“The key to restoring the freedom of mobility across borders is systematic COVID-19 testing of all travelers before departure,” said Alexandre de Juniac, IATA’s Director General and CEO. “This will give governments the confidence to open their borders without complicated risk models that see constant changes in the rules imposed on travel. Testing all passengers will give people back their freedom to travel with confidence. And that will put millions of people back to work.”
IATA’s public opinion research revealed strong support for COVID-19 testing in the travel process. Some 65% of travelers surveyed agreed that quarantine should not be required if a person tests negative for COVID-19. Moreover, 84% agreed that testing should be required of all travelers and 88% said that they are willing to undergo testing as part of the travel process.
In addition to opening borders, public opinion research also indicated that testing helps to rebuild passenger confidence in aviation.

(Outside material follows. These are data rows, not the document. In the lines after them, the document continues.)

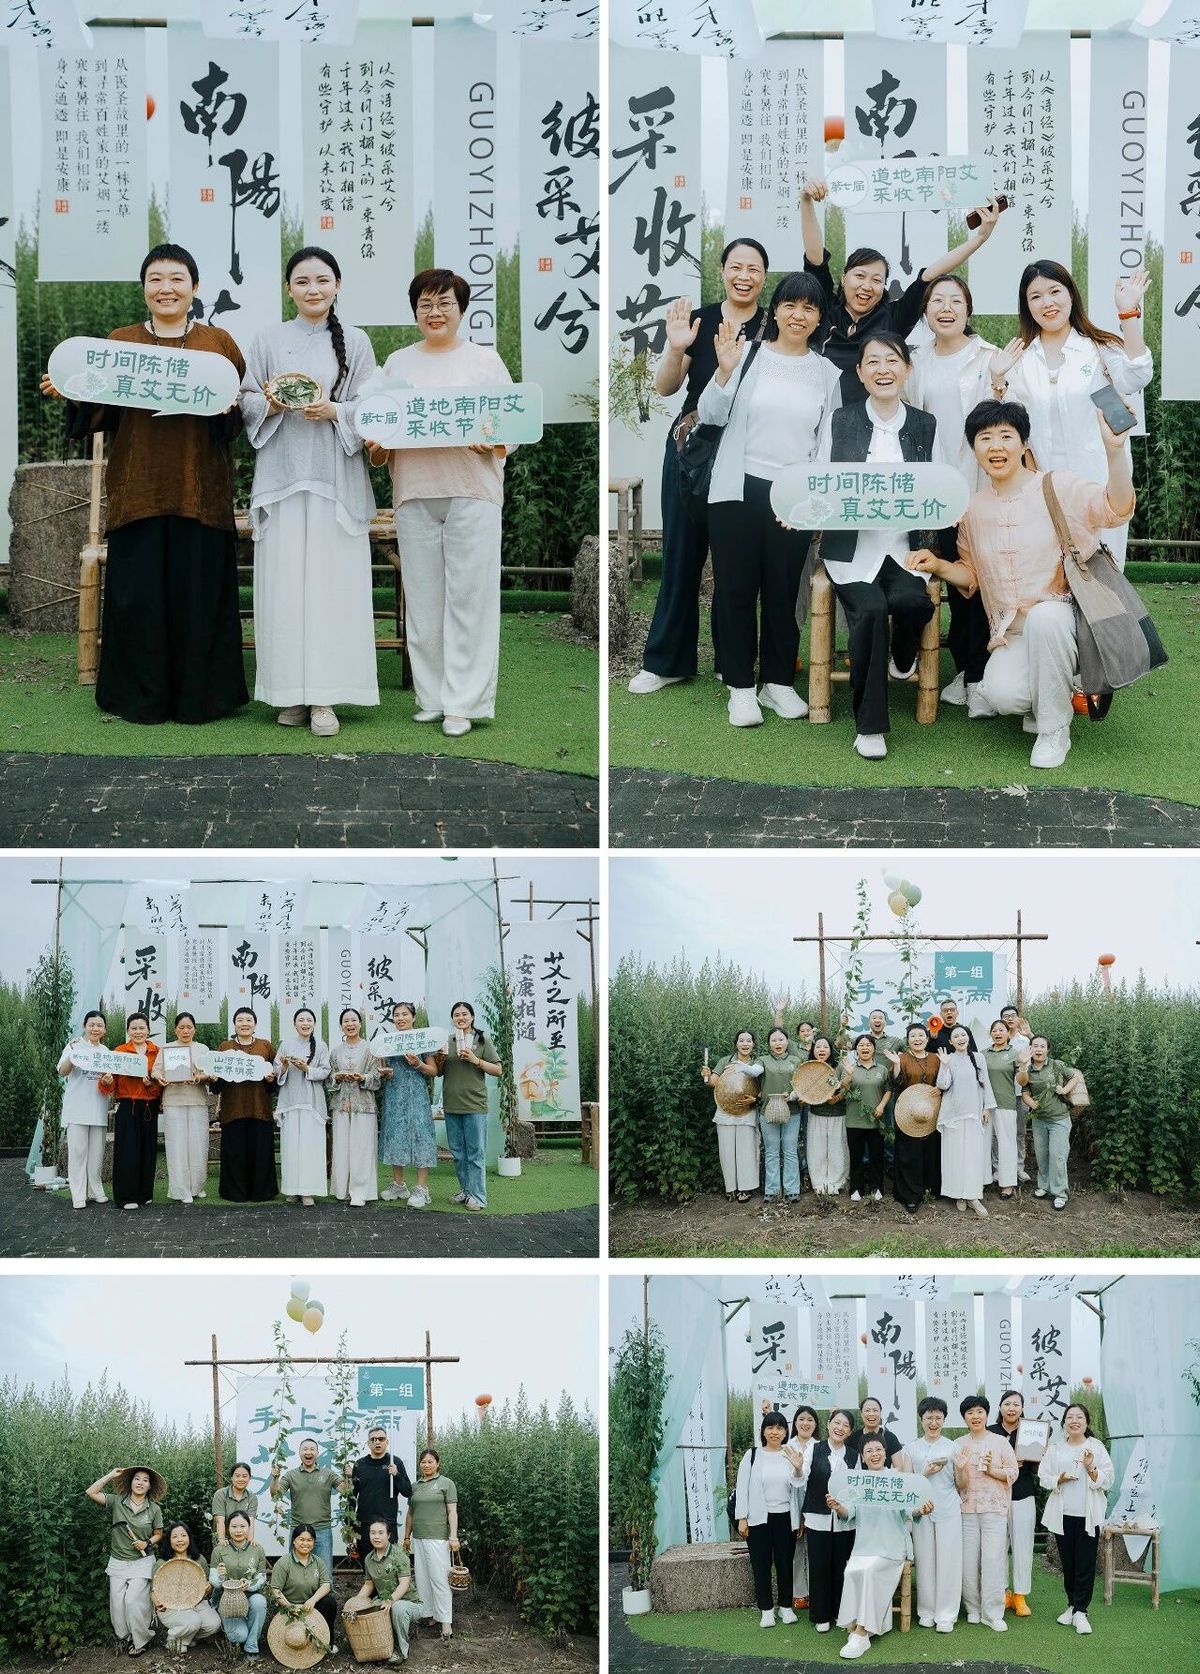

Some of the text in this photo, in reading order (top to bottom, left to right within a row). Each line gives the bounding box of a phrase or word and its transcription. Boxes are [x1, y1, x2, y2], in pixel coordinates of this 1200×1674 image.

[318, 63, 333, 133] 有些守护
[1002, 70, 1016, 135] 千年过去
[338, 61, 355, 211] 千年过去 我们相信
[831, 180, 865, 193] 第七届
[872, 164, 979, 187] 道地南阳艾
[873, 185, 934, 204] 采收节
[86, 349, 190, 379] 时间陈储
[112, 374, 217, 407] 真艾无价
[360, 411, 398, 426] 第七届
[406, 394, 526, 420] 道地南阳艾
[406, 417, 476, 440] 采收节
[807, 471, 916, 495] 时间陈储
[839, 497, 947, 522] 真艾无价
[945, 965, 984, 978] 第一组
[541, 951, 572, 1050] 艾之所至
[370, 1383, 413, 1397] 第一组
[847, 1475, 904, 1489] 时间陈储
[863, 1488, 919, 1504] 真艾无价

Survey respondents identified the implementation of COVID-19 screening measures for all passengers as effective in making them feel safe, second only to mask-wearing.
The evolution of COVID-19 testing is progressing rapidly, and deployable solutions are expected in the coming weeks. There will, however, be many practical challenges to integrating testing into the travel process. The ICAO process is critical to aligning governments to a single global standard that can be efficiently implemented and globally recognized. Airlines, airports, equipment manufacturers and governments will then need to work in total alignment.
IATA does not see COVID-19 testing becoming a permanent fixture in the air travel experience, but it will likely be needed into the medium-term for air travel to re-establish itself. “Many see the development of a vaccine as the panacea for the pandemic,” said de Juniac. “It will certainly be an important step, but even after an effective vaccine is globally recognized, ramping up production and distribution is likely to take many months. Testing will be a much-needed interim solution.”